» **WHAT THE TASK REQUIRES**
Where an entry holds an image, leave the image out; otherwise reproduce the entry exactly.

Referring expression grounding data

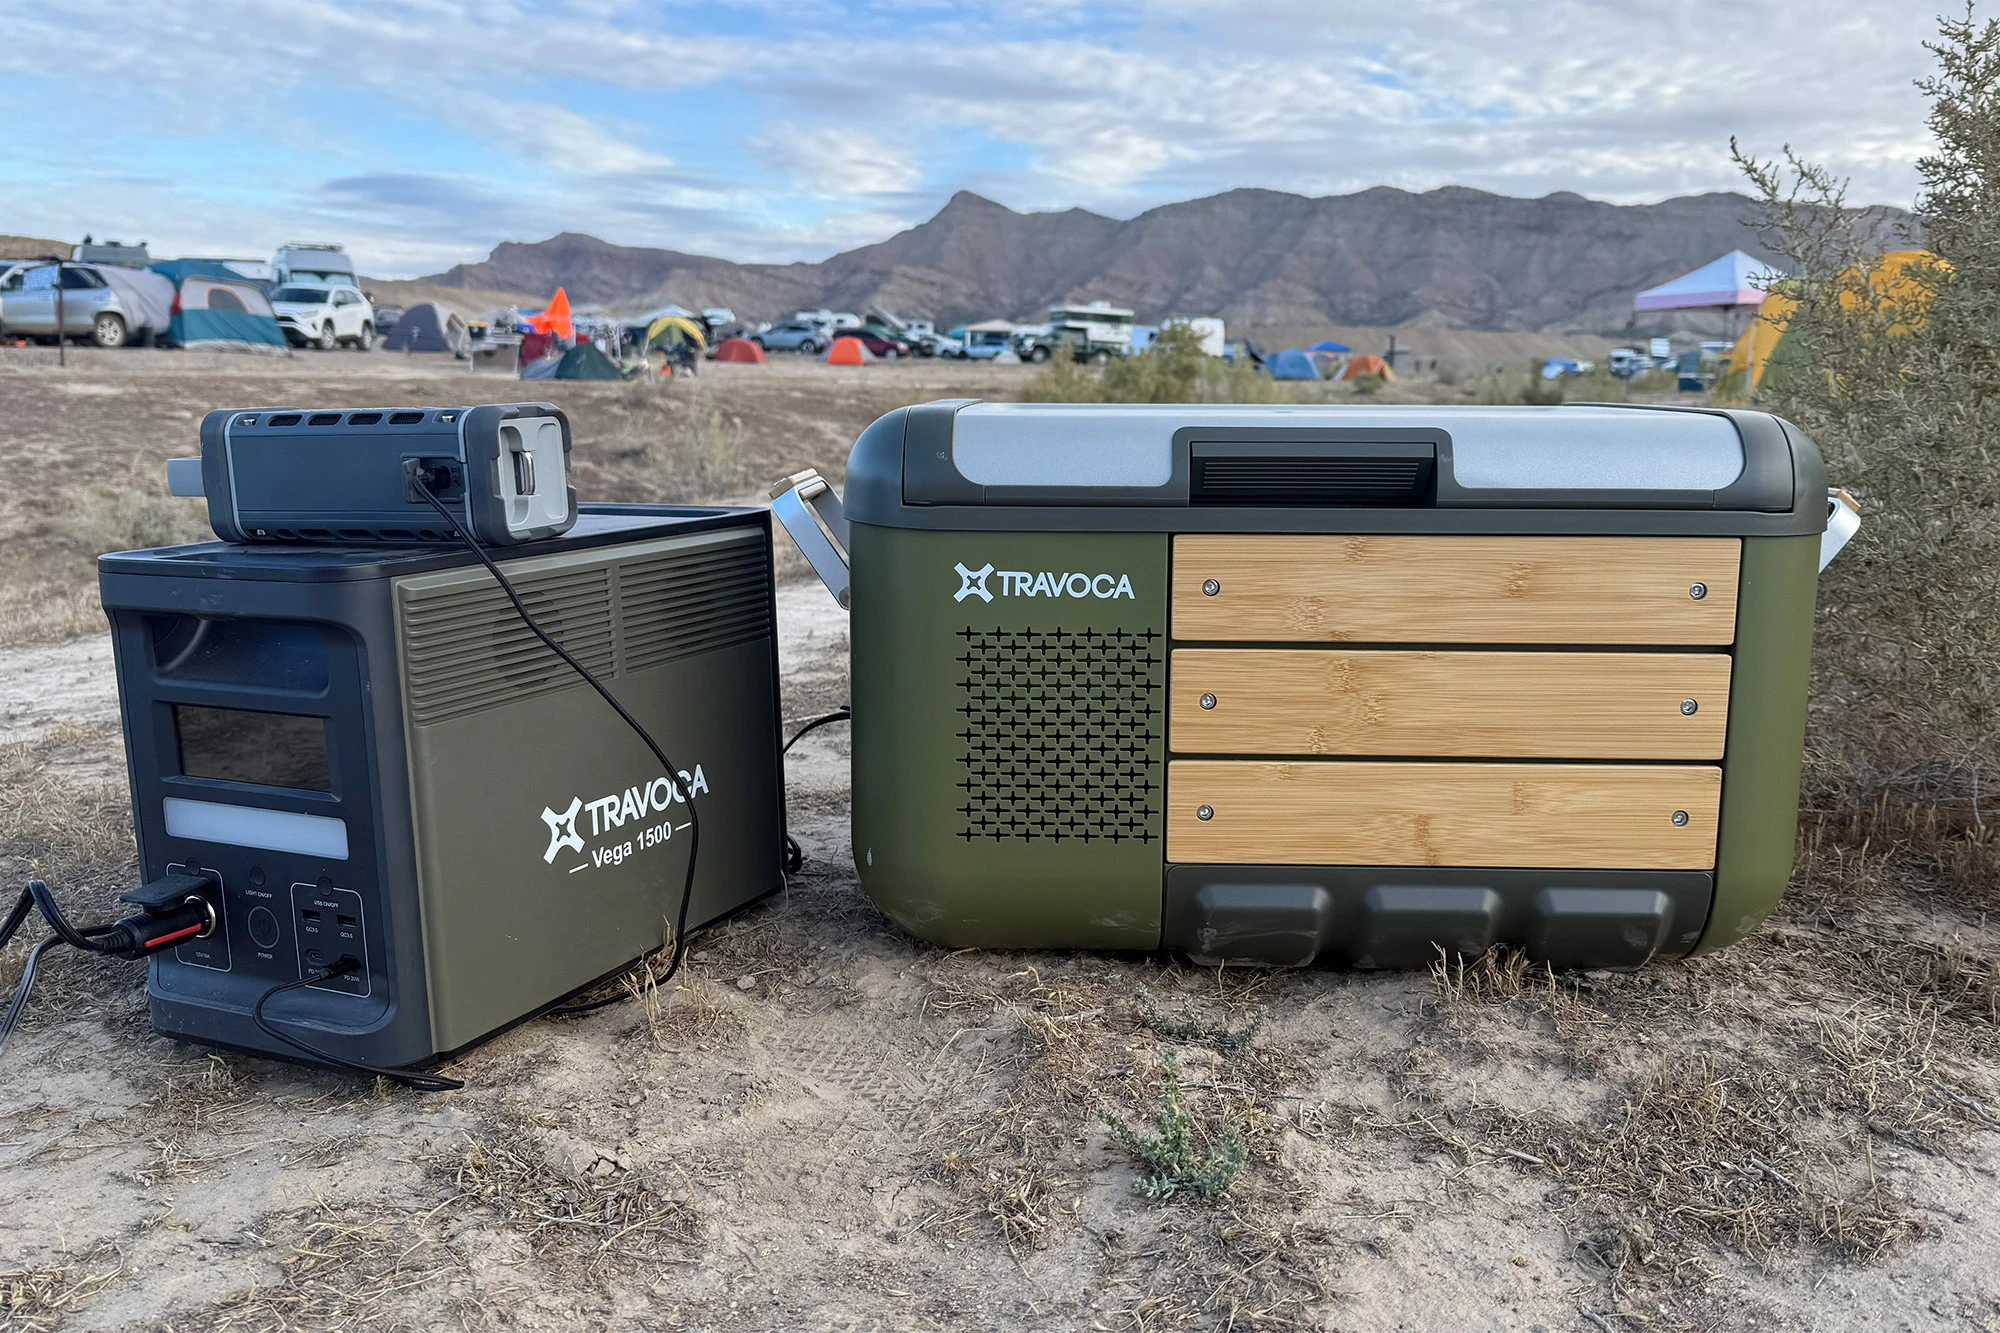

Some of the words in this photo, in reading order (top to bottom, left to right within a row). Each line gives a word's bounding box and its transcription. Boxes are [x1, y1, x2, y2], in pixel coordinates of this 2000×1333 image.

[996, 570, 1136, 600] TRAVOCA
[584, 763, 710, 837] TRAVOCA
[591, 840, 633, 868] Vega
[636, 820, 672, 851] 1500
[257, 951, 273, 960] POWER

» **ANSWER SECTION**
Some of the words in this photo, in reading order (top to bottom, left to right within a row). Each line gives a word's bounding box and its transcription. Boxes are [x1, y1, x2, y2], in pixel coordinates of this 2000×1333 image.

[996, 570, 1136, 600] TRAVOCA
[584, 763, 710, 837] TRAVOCA
[591, 840, 633, 868] Vega
[636, 820, 672, 851] 1500
[257, 951, 273, 960] POWER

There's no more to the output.